Not specifically Amtrak, but a new overnight ferry to Nova Scotia is beginning service, and the Downeaster connects with it in Portland, ME. This opens up the possibility of doing a circle trip starting in either NY or Boston: NY/BOS - POR - Yarmouth/Halifax - Montreal - NYP. There's also a package deal available.


----------



## Swadian Hardcore (May 14, 2014)

If you're going to do a circle trip, better not miss Gaspe and the awesome seaside highway from Gaspe to Rimouski, operated by Orleans Express.

Too bad the Ocean's doing bad and Acadien is dead. And nobody knows what the heck Meritime Bus is doing.


----------



## lo2e (May 14, 2014)

I think saying the Downeaster connects to the new Nova Star service is a stretch at best. The train station is nowhere near the ferry terminal, so one would need to get a cab or take the METRO bus (which would also require a transfer from the #5 line to the #8). I don't see this as being a convenient connection in the least.


----------



## the_traveler (May 14, 2014)

To do a circle trip, you need to get from Yarmouth to Halifax. With no train or bus service between them, it will be a long walk.


----------



## Ispolkom (May 14, 2014)

Thanks, Palmetto, for posting this. I'd much rather take an overnight ferry rather than spend the night in Portland and take a day ferry the next day. I think that *lo2e* is being too hard. With new service, I don't think that you can expect boat train-like connections. A connection in the same city is fine by me



the_traveler said:


> To do a circle trip, you need to get from Yarmouth to Halifax. With no train or bus service between them, it will be a long walk.


Actually, you have your choice of shuttle services.

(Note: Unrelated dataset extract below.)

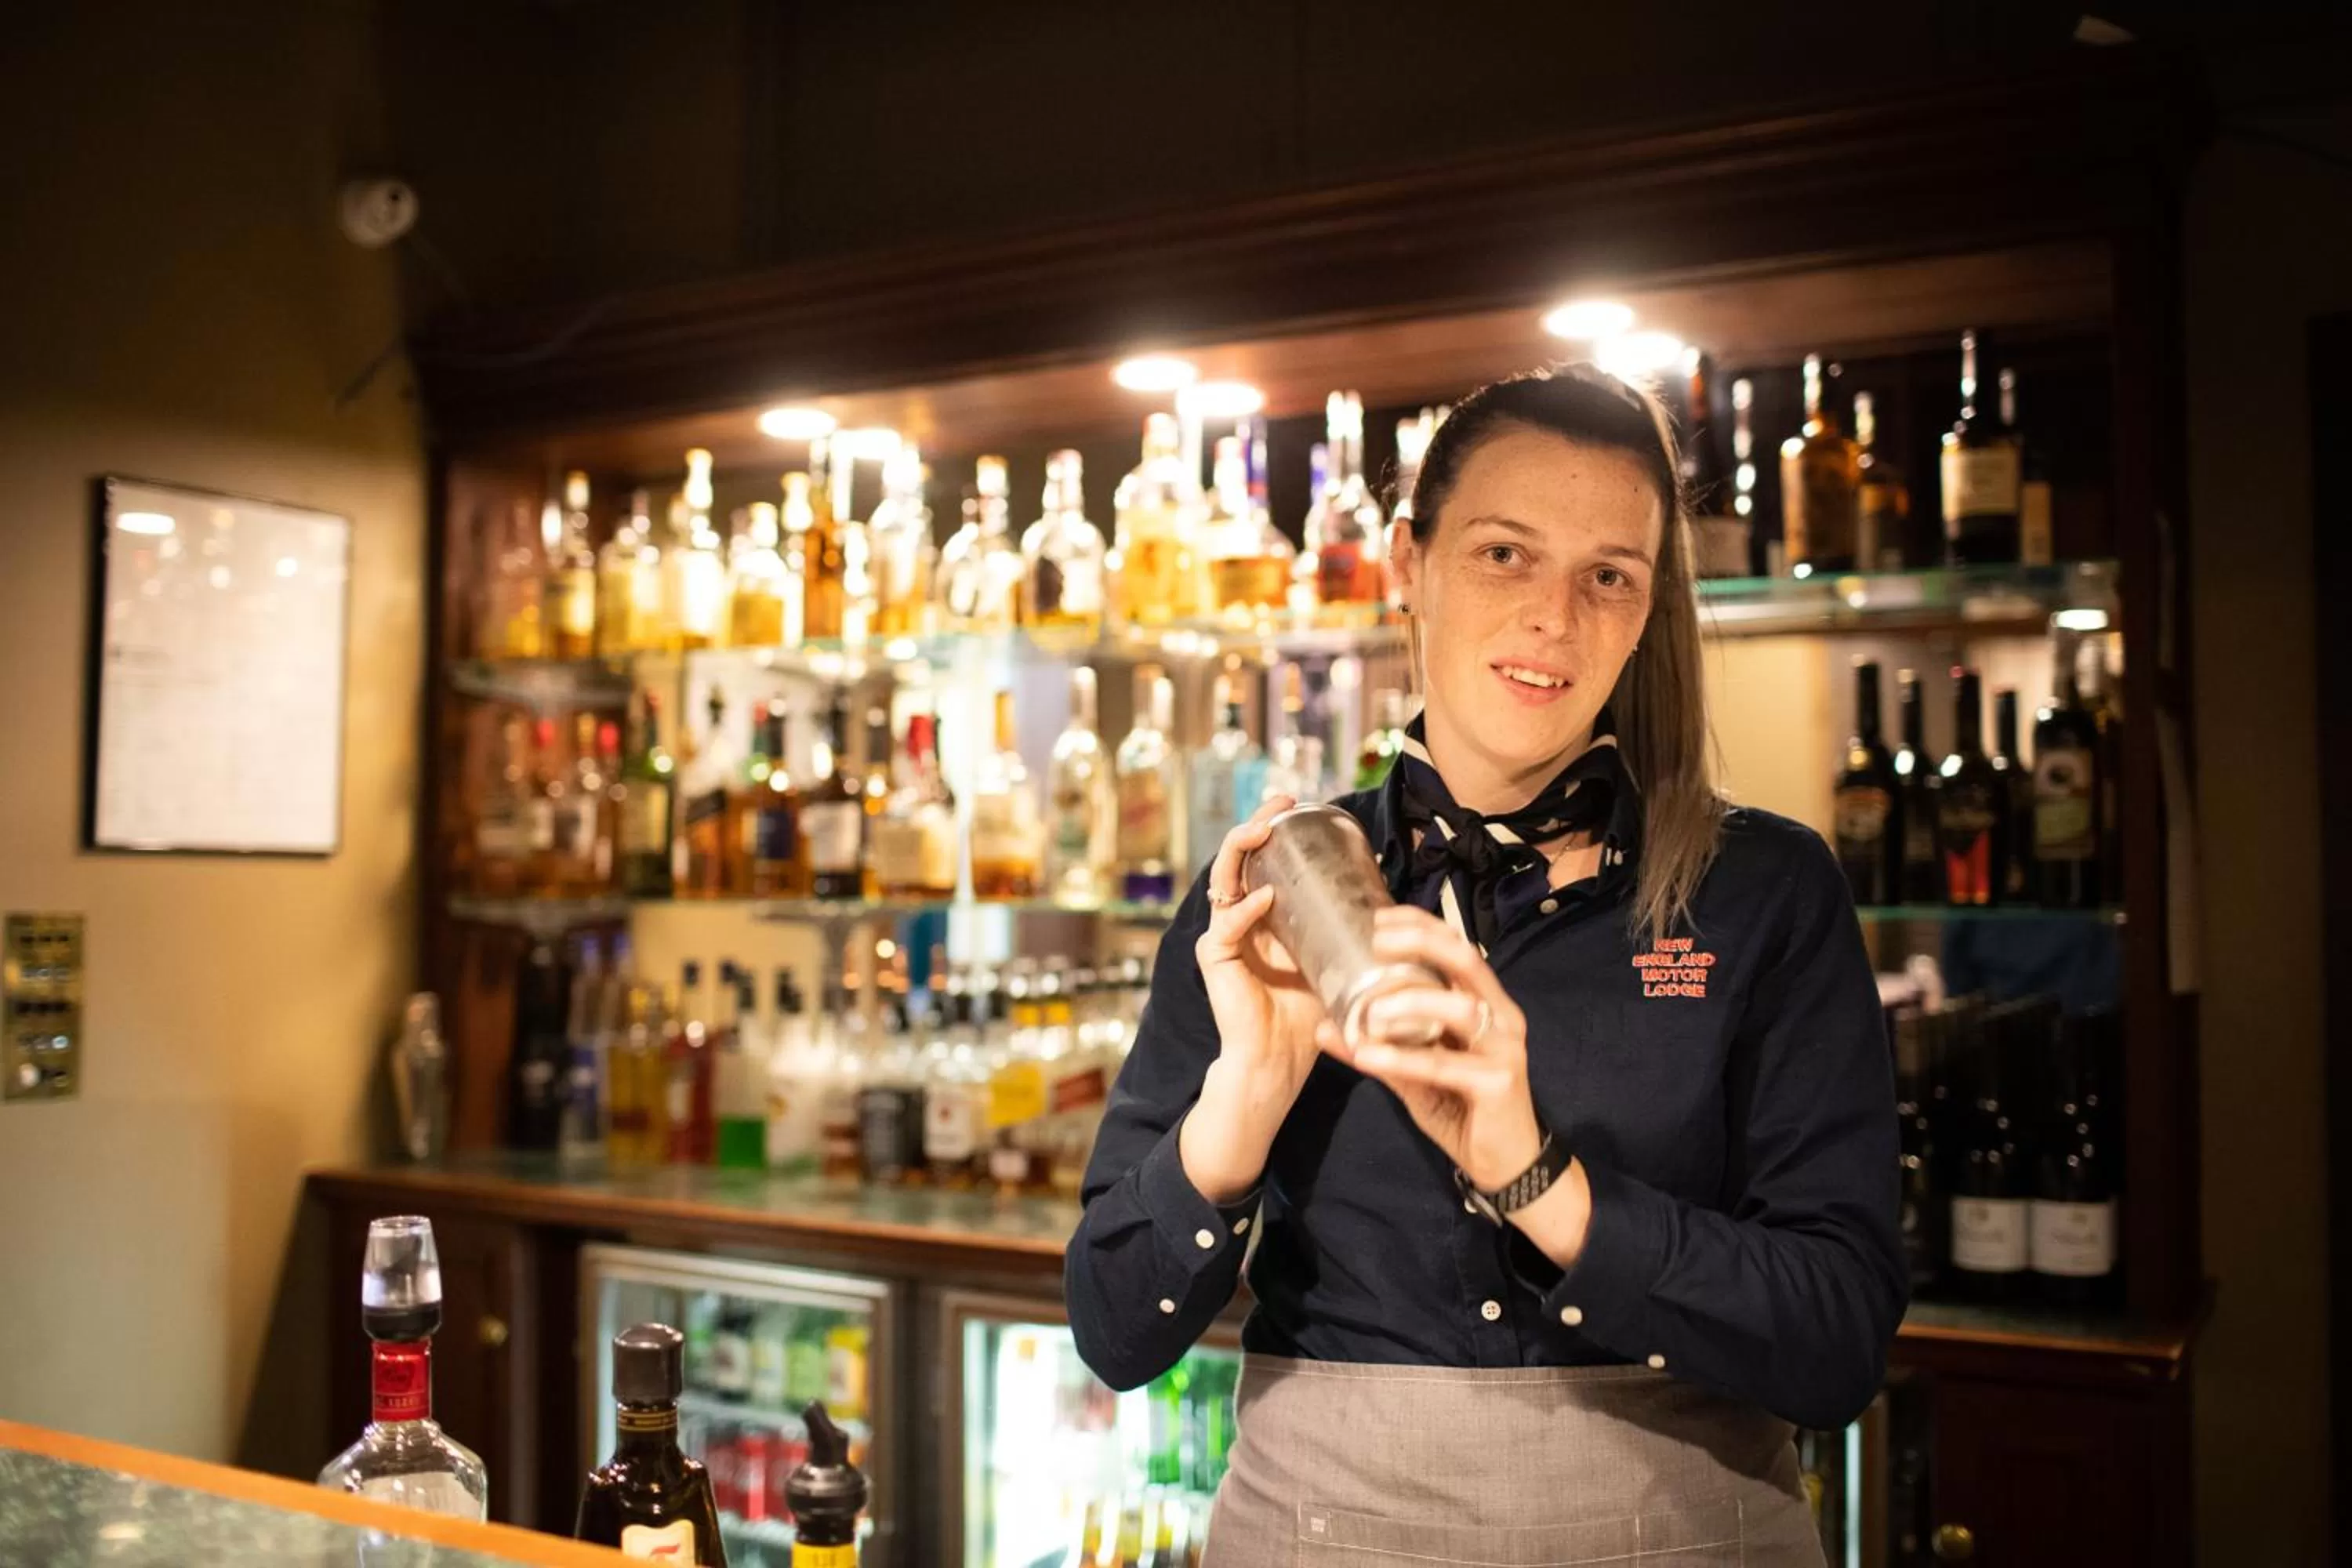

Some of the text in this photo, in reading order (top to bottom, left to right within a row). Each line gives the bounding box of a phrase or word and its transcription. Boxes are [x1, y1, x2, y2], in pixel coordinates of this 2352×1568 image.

[1653, 938, 1693, 952] NEW
[1632, 953, 1715, 967] ENGLAND
[1642, 968, 1708, 982] MOTOR
[1643, 982, 1706, 997] LODGE

Pricey, I'll admit, but they do exist. I would hope that if a ferry is successful, better and more frequent scheduled service might follow.


----------



## afigg (May 15, 2014)

lo2e said:


> I think saying the Downeaster connects to the new Nova Star service is a stretch at best. The train station is nowhere near the ferry terminal, so one would need to get a cab or take the METRO bus (which would also require a transfer from the #5 line to the #8). I don't see this as being a convenient connection in the least.

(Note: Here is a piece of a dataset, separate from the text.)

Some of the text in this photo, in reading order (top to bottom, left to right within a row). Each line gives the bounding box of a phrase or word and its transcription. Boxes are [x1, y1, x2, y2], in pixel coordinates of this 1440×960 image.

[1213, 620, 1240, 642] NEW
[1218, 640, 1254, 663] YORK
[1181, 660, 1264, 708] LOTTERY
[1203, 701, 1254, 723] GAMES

Nova Star might arrange for a shuttle bus from the Portland train station if there are enough people taking the Downeaster to get to the ferry. There is already a Downeaster connected 7 day "Two Nation Vacation" tour package from Boston with hotel stays in Wells, Portland, Yarmouth, Halifax. If there is no shuttle bus or the tour package is not of interest, it will be a short cab trip between the train station and the pier.


----------



## NS VIA Fan (May 15, 2014)

lo2e said:


> I think saying the Downeaster connects to the new Nova Star service is a stretch at best. The train station is nowhere near the ferry terminal, so one would need to get a cab or take the METRO bus (which would also require a transfer from the #5 line to the #8). I don't see this as being a convenient connection in the least.


I guess it's a matter of opinion on what an easy connection is and I've done a lot worse than this. Google shows the distance as 2.8 miles……To me it's an easy bus connection or taxi ride (personally….I’d even walk that!)

Once on the Yarmouth side and getting to Halifax.......Scheduled bus service along the South Shore and through the Annapolis Valley has ended. You can now do a one-way car rental from the ferry to Halifax and there’s also several Van Shuttles operating. Here's another in addition to the above noted ones:

http://ameroshuttle.tripod.com/index.html


----------



## Palmetto (May 15, 2014)

lo2e said:


> I think saying the Downeaster connects to the new Nova Star service is a stretch at best. The train station is nowhere near the ferry terminal, so one would need to get a cab or take the METRO bus (which would also require a transfer from the #5 line to the #8). I don't see this as being a convenient connection in the least.


Well, you're right in a certain sense, but I did not say "convenient connection".


----------



## railiner (May 15, 2014)

If nothing else is possible, I suppose you might be able to obtain a one-way car rental between Yarmouth and Halifax.....depending on which end cars are needed, the rate could be better than booking a shuttle van service.


----------